Make a verbatim copy of the entries below; pictures stay out.

[[ Source material, beginning ]]

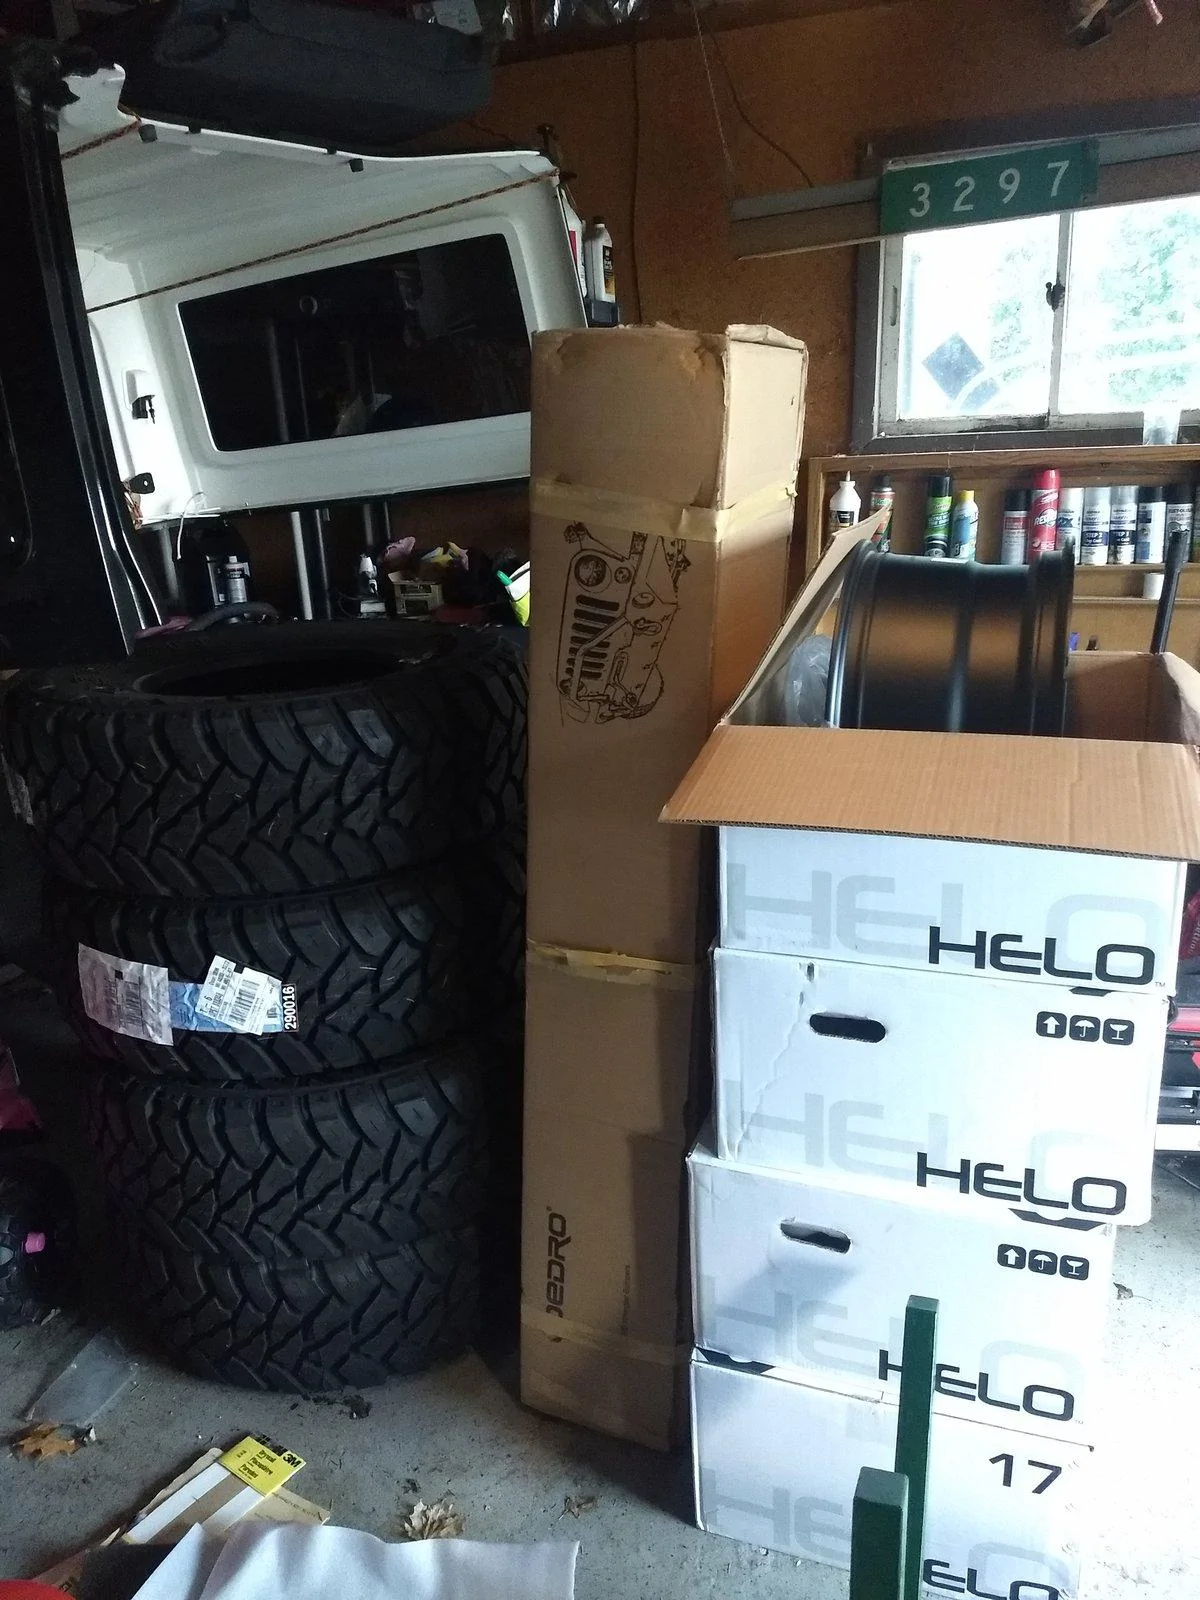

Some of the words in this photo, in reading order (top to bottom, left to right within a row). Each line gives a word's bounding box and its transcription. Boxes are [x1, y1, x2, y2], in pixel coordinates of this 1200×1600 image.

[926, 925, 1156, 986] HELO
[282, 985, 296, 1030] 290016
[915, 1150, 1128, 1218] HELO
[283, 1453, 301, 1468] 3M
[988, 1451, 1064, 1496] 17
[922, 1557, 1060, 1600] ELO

[[ Source material, end ]]

Solution to the exercise
Some of the words in this photo, in reading order (top to bottom, left to right within a row). Each line gives a word's bounding box and its transcription. Boxes are [x1, y1, x2, y2], in pixel coordinates of this 1200×1600 image.

[926, 925, 1156, 986] HELO
[282, 985, 296, 1030] 290016
[915, 1150, 1128, 1218] HELO
[283, 1453, 301, 1468] 3M
[988, 1451, 1064, 1496] 17
[922, 1557, 1060, 1600] ELO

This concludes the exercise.